Credential harvesting, also present in NotPetya, is also used to move laterally. Tools like Mimikatz facilitate this, allowing for privilege escalation, so attackers have greater levels of permission in the network.
Either way, attackers often reach domain controllers, making them an IT admin in the company they are attacking.
At this point, they “live off the land,” using existing IT admin frameworks like PsExec, used to execute processes on other systems, or PowerShell, used to automate tasks operating system management tasks, to drop malicious files onto systems.
What does Lady Gaga have to do with new ransomware attack techniques?
Her unsuspecting role in double extortion.
Ransomware attacks have become even nastier as some attacks may now add additional extortion. First, attackers will gain a foothold, find sensitive data, and exfiltrate it to their own servers. With sensitive data stolen, attackers then proceed to encrypt systems. Not only are systems locked up, but the sensitive information can be leaked publicly unless victims pay up, amounting to additional pressure for organizations to pay ransoms.
Recently, attackers targeted an entertainment law firm, stealing data related to high-profile clients like Lady Gaga, Bruce Springsteen, and Christina Aguilera. They initially released contracts related to Lady Gaga as proof of their possession of sensitive information.

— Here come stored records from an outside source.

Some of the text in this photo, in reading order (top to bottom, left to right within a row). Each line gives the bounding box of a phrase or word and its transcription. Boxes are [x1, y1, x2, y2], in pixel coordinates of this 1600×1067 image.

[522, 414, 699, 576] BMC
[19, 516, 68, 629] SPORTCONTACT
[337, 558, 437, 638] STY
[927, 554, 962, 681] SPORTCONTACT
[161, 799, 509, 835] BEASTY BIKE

The group behind the attack threatened to release more celebrity data if the law firm declined to pay the ransom ask, which reached some $42 million.
How to stop ransomware
Most organizations want to understand how to best stop ransomware. It is a tall order seeing that many attacks use newly created malware or live off the land to largely evade detection. There are a few best practices to reduce the risk of major ransomware attacks knocking your organization offline.

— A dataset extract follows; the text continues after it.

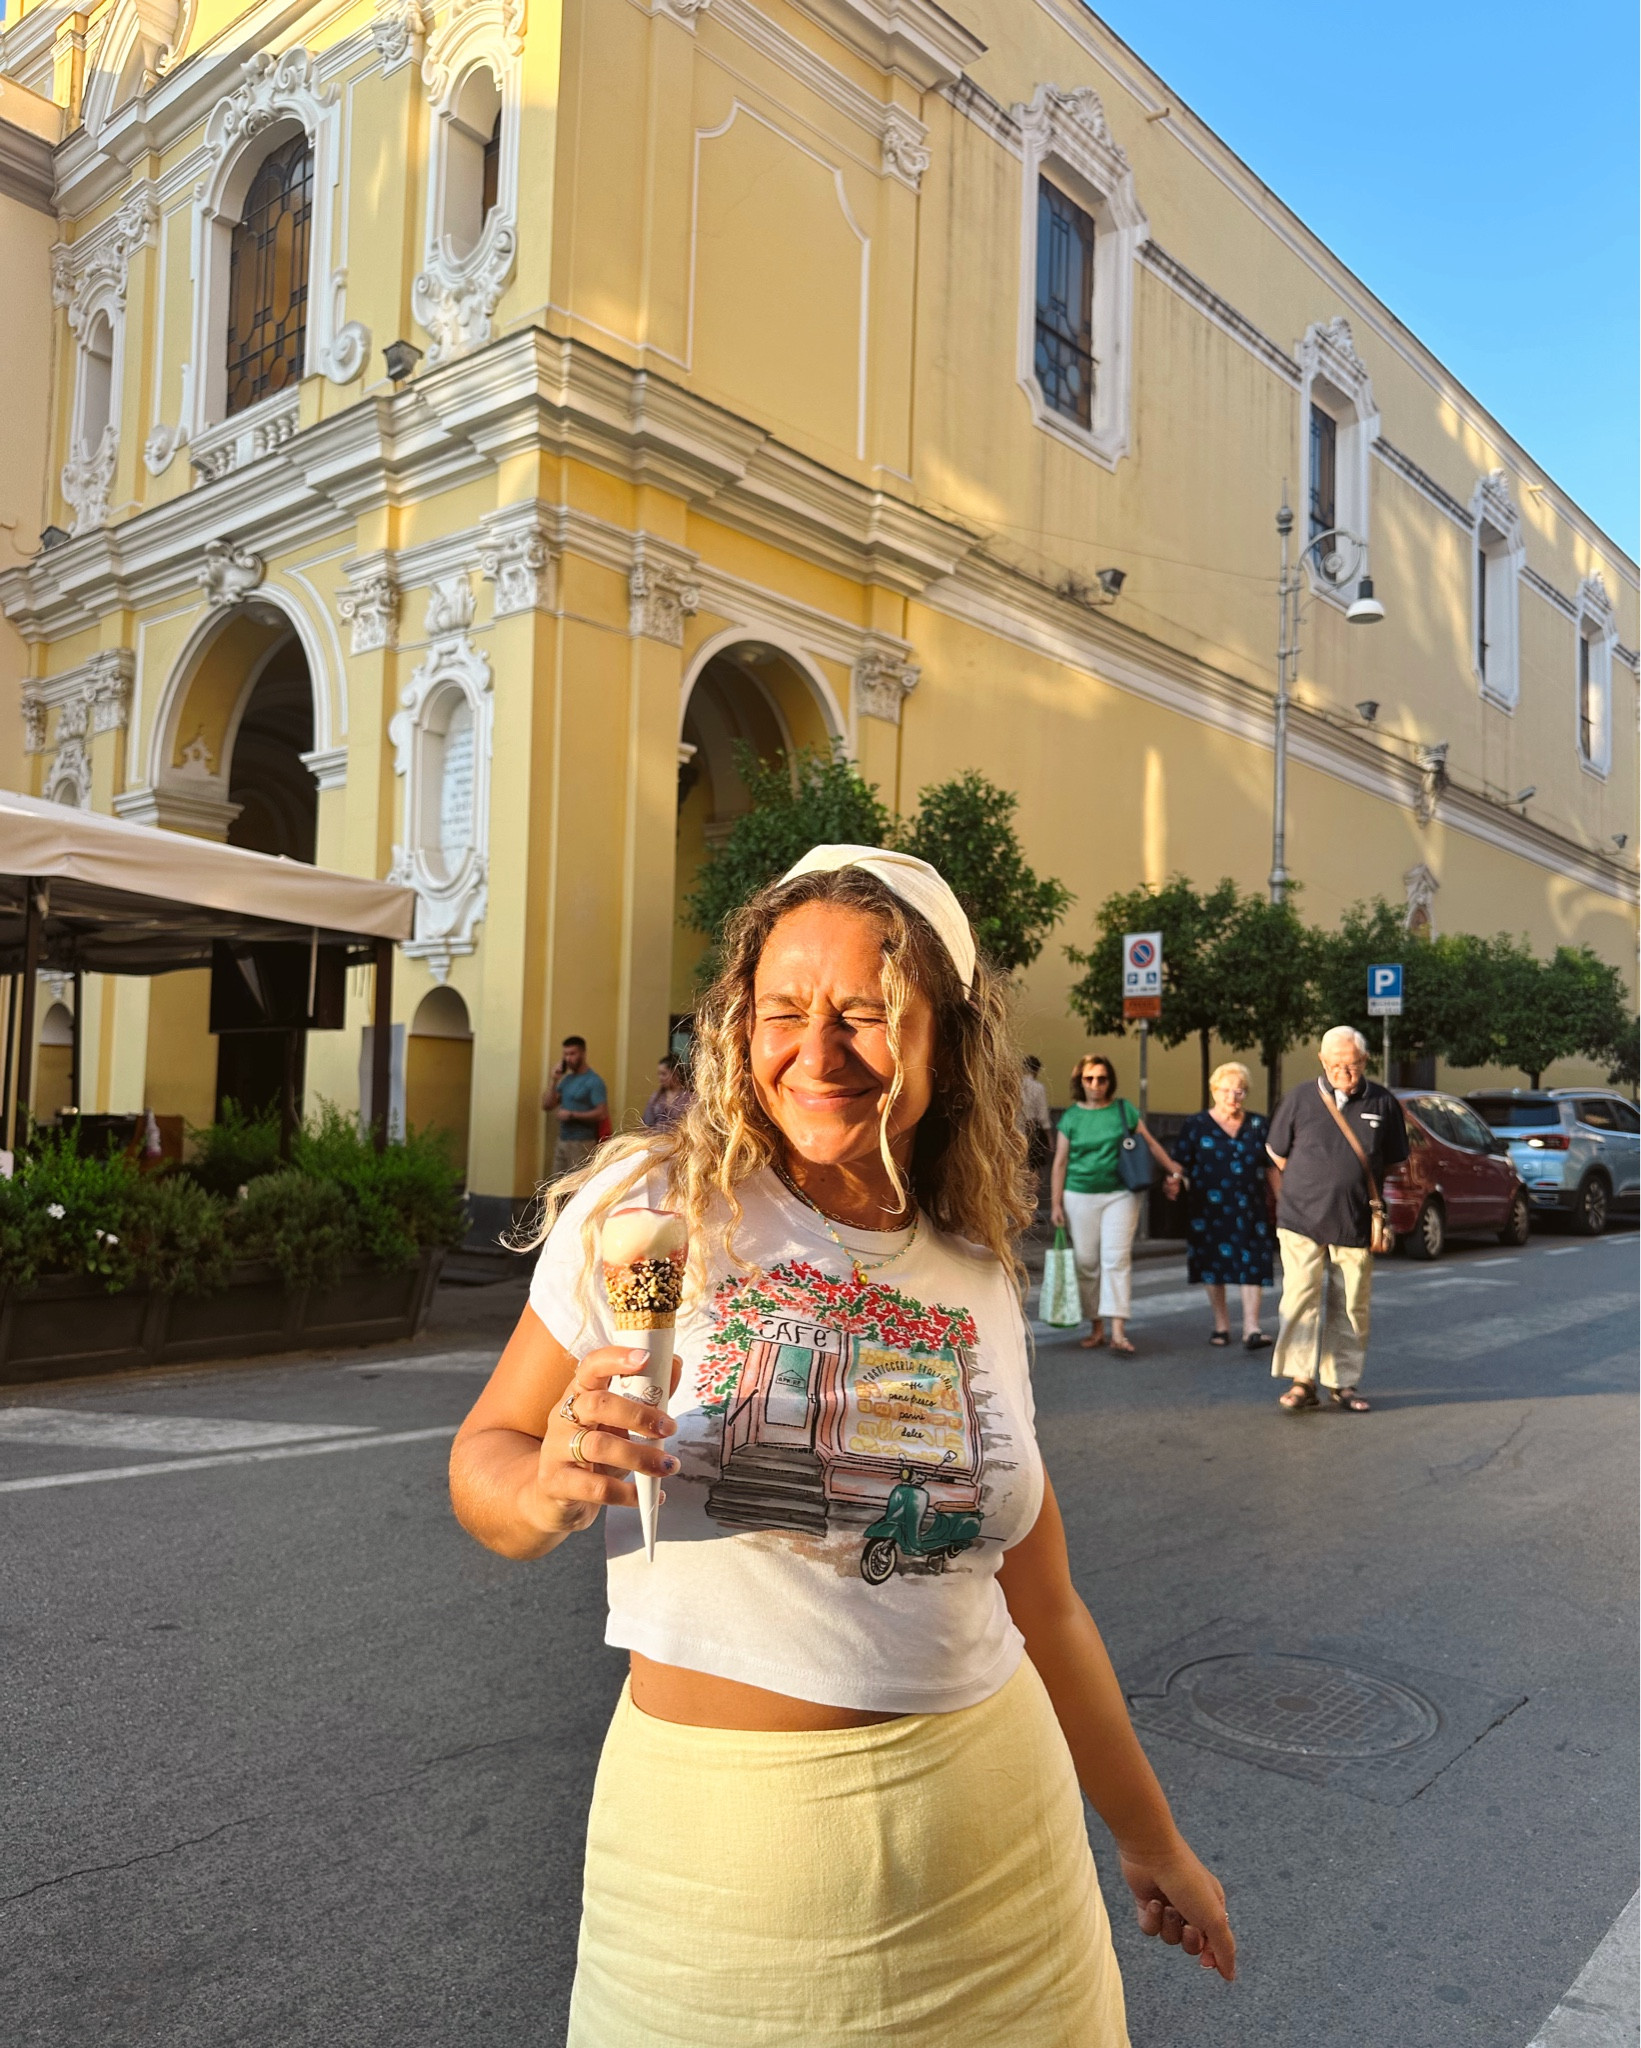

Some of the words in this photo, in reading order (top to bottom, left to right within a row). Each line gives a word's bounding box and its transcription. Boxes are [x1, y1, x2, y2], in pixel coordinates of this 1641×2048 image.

Here are some of the leading ways to reduce ransomware risk, according to US-CERT.
- Segment your laptops and networks to ensure the first laptop infected is also the last so attacks can’t move beyond the initial system.
- Patch all systems regularly to avoid vulnerable applications and OSs from being targeted.

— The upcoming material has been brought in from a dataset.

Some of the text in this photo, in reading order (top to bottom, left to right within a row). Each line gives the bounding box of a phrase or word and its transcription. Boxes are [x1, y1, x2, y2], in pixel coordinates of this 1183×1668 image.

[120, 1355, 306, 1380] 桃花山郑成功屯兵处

- Use effective email and endpoint security tools to stop as many phishing emails from reaching inboxes or malicious activity associated with ransomware from reaching endpoint and encrypting files.
- Train users to open email attachments carefully and be wary of email attachments from unknown senders.
- Back up systems often and store backups separately to be able to restore to previous states if need be, with backups that cannot be accessed from a network.